Vicenza, Baldini: "Domani usciremo dal 'Menti' avendo dato tutto. Lecce? Numeri impressionanti"
Domani pomeriggio al 'Menti' si giocherà una fetta importante dell'intera stagione di Serie B. Da una parte ci sarà il Vicenza padrone di casa, a caccia di punti decisivi per la salvezza, mentre dall'altre il Lecce proverà a centrare la matematica promozione in Serie A.

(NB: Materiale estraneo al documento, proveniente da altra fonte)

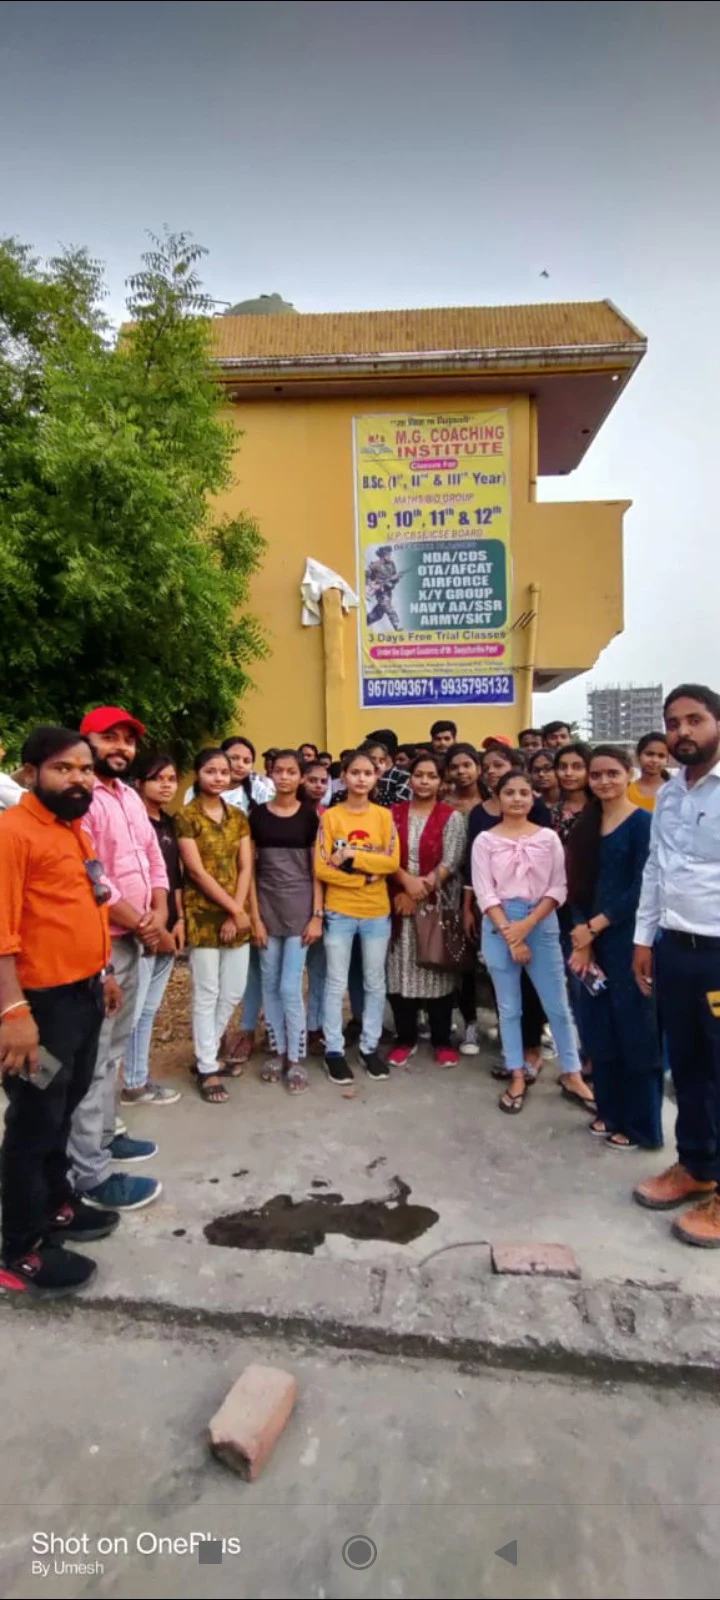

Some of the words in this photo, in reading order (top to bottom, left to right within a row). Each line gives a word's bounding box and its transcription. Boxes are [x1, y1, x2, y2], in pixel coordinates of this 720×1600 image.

[395, 429, 425, 444] M.G.
[430, 426, 504, 443] COACHING
[397, 442, 503, 457] INSTITUTE
[433, 474, 442, 486] &
[472, 471, 506, 486] Year)
[442, 492, 474, 502] GROUP
[430, 507, 454, 526] 11th
[459, 511, 470, 525] &
[475, 505, 502, 525] 12th
[423, 551, 487, 563] NDA/CDS
[417, 563, 494, 576] OTA/AFCAT
[422, 575, 489, 588] AIRFORCE
[418, 589, 445, 601] X/Y
[446, 588, 493, 600] GROUP
[410, 601, 448, 613] NAVY
[449, 600, 502, 612] AA/SSR
[420, 613, 492, 626] ARMY/SKT
[369, 634, 374, 642] 3
[377, 633, 405, 644] Days
[408, 632, 432, 641] Free
[436, 631, 459, 640] Trial
[462, 630, 506, 639] Classes
[367, 679, 438, 699] 9670993671,
[441, 677, 509, 695] 9935795132

Nella consueta conferenza stampa della vigilia, Francesco Baldini, tecnico del LaneRossi, ha così presentato il match fonte TrivenetoGoal.it): “Siamo concentrati sulla partita, sappiamo del valore di un avversario che ha numeri impressionanti. Non penso che il Lecce venga qui a fare una passeggiata e non penso che faccia calcoli anche se all’ultima ha il Pordenone. Bikel e Greco sono tra i convocati, in questi giorni hanno corso, naturalmente si sono allenati a parte, ma vista l’emergenza che abbiamo a centrocampo li valuterò fino all’ultimo. Non hanno riportato infortuni gravi, quindi potrebbero anche essere recuperabili. Occupare e chiudere bene gli spazi sarà fondamentale: il Lecce è bravo a palleggiare, ma quando trova undici giocatori votati alla fase difensiva non è facile fare gol. Voglio una squadra che nel momento brutto, ovvero quando non abbiamo possesso noi, si stringa e si difenda assieme. Dobbiamo uscire tutti da quello stadio lì, che contro il Lecce sarà bellissimo e pieno, avendo dato tutto. Non è una partita che ho bisogno di preparare, se non c’è motivazione dobbiamo cambiare lavoro. Veniamo da una vittoria e sono il primo a dire che a Como siamo anche stati fortunati. In questi cinque giorni abbiamo provato a migliorare ancora, ma inevitabilmente non possiamo essere perfetti. Siamo alle prese con qualche difficoltà di Teodorczyk, che non sta bene e non può essere il giocatore che potrebbe. Se cerchiamo di giocarcela alla pari tecnicamente con il Lecce non ne veniamo fuori vivi: dobbiamo cercare a sopperire il gap che c’è nei numeri con una grinta importantissima. I tifosi conteranno tantissimo. Quello che mi viene da dire è proviamoci tutti assieme per 95′, solo così possiamo battere una squadra forte. Poi quando sarà finita la partita ognuno tirerà le sue conclusioni”.